**Information shown:**
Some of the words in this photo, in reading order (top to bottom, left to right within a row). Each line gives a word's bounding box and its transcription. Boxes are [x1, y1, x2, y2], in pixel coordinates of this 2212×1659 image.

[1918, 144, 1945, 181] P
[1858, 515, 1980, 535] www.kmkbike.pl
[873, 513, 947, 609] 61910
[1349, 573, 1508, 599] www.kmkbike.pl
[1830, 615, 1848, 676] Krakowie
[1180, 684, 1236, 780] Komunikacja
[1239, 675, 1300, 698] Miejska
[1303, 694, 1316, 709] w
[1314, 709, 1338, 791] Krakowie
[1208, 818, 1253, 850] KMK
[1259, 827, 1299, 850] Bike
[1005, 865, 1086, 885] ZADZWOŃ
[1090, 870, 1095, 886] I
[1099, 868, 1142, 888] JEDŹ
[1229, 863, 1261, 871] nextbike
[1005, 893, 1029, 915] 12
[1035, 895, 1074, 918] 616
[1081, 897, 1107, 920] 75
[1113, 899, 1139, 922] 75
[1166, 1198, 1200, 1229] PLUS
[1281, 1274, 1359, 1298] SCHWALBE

**Problem to work on:** Your reply must repeat the records above exactly and in full.

**Answer to the problem:**
Some of the words in this photo, in reading order (top to bottom, left to right within a row). Each line gives a word's bounding box and its transcription. Boxes are [x1, y1, x2, y2], in pixel coordinates of this 2212×1659 image.

[1918, 144, 1945, 181] P
[1858, 515, 1980, 535] www.kmkbike.pl
[873, 513, 947, 609] 61910
[1349, 573, 1508, 599] www.kmkbike.pl
[1830, 615, 1848, 676] Krakowie
[1180, 684, 1236, 780] Komunikacja
[1239, 675, 1300, 698] Miejska
[1303, 694, 1316, 709] w
[1314, 709, 1338, 791] Krakowie
[1208, 818, 1253, 850] KMK
[1259, 827, 1299, 850] Bike
[1005, 865, 1086, 885] ZADZWOŃ
[1090, 870, 1095, 886] I
[1099, 868, 1142, 888] JEDŹ
[1229, 863, 1261, 871] nextbike
[1005, 893, 1029, 915] 12
[1035, 895, 1074, 918] 616
[1081, 897, 1107, 920] 75
[1113, 899, 1139, 922] 75
[1166, 1198, 1200, 1229] PLUS
[1281, 1274, 1359, 1298] SCHWALBE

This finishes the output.